- Born: Akiel Chambers 4 January 1987
- Died: 23 May 1998 (aged 11) Haleland Park, Maraval, Port of Spain, Trinidad and Tobago
- Cause of death: Strangulation
- Body discovered: 24 May 1998

= Murder of Akiel Chambers =

Trinidadian child murder victim (1987–1998)

Akiel Chambers (4 January 1987 – 23 May 1998) was an 11-year-old boy who was murdered at a birthday party in Port of Spain, Trinidad and Tobago, in 1998.

As of 2026, nobody has been charged, and DNA evidence in the case has since been destroyed.

==Background==
Akiel Chambers was born in 1987 and was raised by his aunt, as his mother lived in England and his father lived in La Horquetta, Arima.

On 23 May 1998, a birthday party was being held for 11-year-old Carrie James at her family's home in the upscale suburb of Haleland Park in Maraval, Port of Spain. Present were six parents and about 25 to 30 children, including Akiel Chambers, who was a classmate of James.

As parents were supervising children swimming in the pool, James asked Chambers if he was going to join, to which Chambers replied no, as his aunt told him not to because he couldn't swim. Later, several of the children, including James and Chambers, went inside to play the PlayStation. After eating barbeque, Chambers returned to the room to play video games. James went to the room to find several children "making [a] mess" and ordered them all out. James claimed that at this point, Chambers came out near the pool, and that was the last time she saw him alive.

At 5:30 p.m., the party was wrapping up, and parents began to leave with their children. Chambers' aunt, Valerie Pascall, arrived to pick him up but could not locate him. According to one of the children, Chambers went next door, but he was not there. Pascall and other parents looked around the property and shouted for Chambers, to no avail.

==Investigation==
Around midnight, police began an investigation and arrived at the James residence. Carrie provided a list of everyone present at the party, and, during the search, police dragged a pool stick along the bottom of the pool, noticing nothing awry.

The following day, Chambers was found by police submerged at the bottom of the pool in a crouched position, wearing only a man's swim trunks. Peculiarly, earlier in the morning, children had swum in the pool and not noticed anyone submerged in it.

Initially, his death was believed to be an accidental drowning. During the first autopsy, coroner Sherman Mc Nicolls noted that Chambers' anus was patulous, lax, and "subjected over a long period to repeated sexual intercourse". He did not take any anal swabs for evidence, as he did not believe the abuse was related to his death. During a second autopsy on 28 May, oral and anal swabs were taken.

In October 2003, 15-year-old Darnell Riley claimed that Chambers was next to him in the shallow end of the pool on the day of his disappearance. Riley, along with two other witnesses, was giving a testimony at the Port of Spain Eighth Magistrates' Court before Mc Nicolls. Riley stated that at the party, Chambers "appeared to be sad [...] everybody was having fun and he wasn't". He also claimed that the pool was "very clear" and that he did not at any point see Chambers sunken in the water.

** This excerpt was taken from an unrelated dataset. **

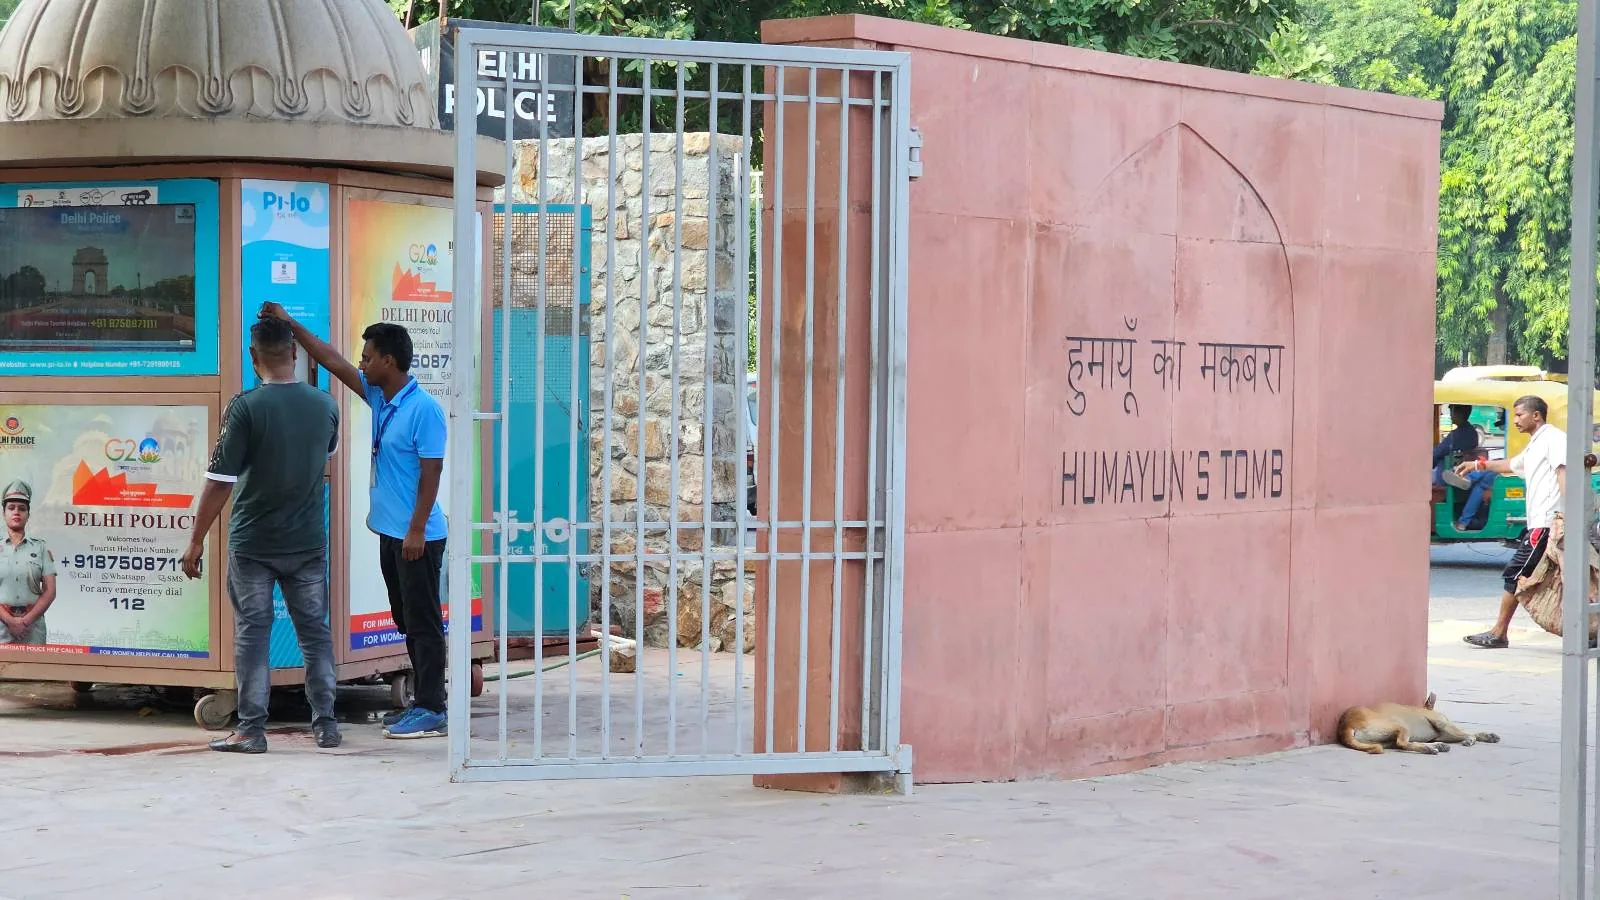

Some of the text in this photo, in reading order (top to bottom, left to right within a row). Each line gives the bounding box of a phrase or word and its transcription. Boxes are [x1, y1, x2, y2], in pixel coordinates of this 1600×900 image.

Ramiese Mahadeo, who was also present at the party, stated during his testimony: "I asked [Chambers] if he was coming in. I told him to hurry up and change his clothes and come in. He said he couldn't come in." Mahadeo also told Mc Nicolls that the water was clear enough that anyone submerged would have been impossible to miss and that several parents indeed looked into the pool during the initial search.

On 18 February 2004, Sherman Mc Nicolls ruled that Chambers did not die by accidental drowning, but by strangulation, and that he was later thrown into the pool.

==Later developments==
According to Robert Sabga, former chairman of a 1997 task force investigating abuse at children's homes, an individual who holds a "very high office" in Trinidad was involved in a pedophile ring in the 1990s and was linked to the Chambers case.

As of 2025, the case remains unsolved, and many of the relatives and people present at the party have since left Trinidad. In 2022, David West, director of the Police Complaints Authority, stated: "There is not much that can be done now to find the perpetrators of this matter; unless someone comes forward and confesses, we are not going to get the evidence."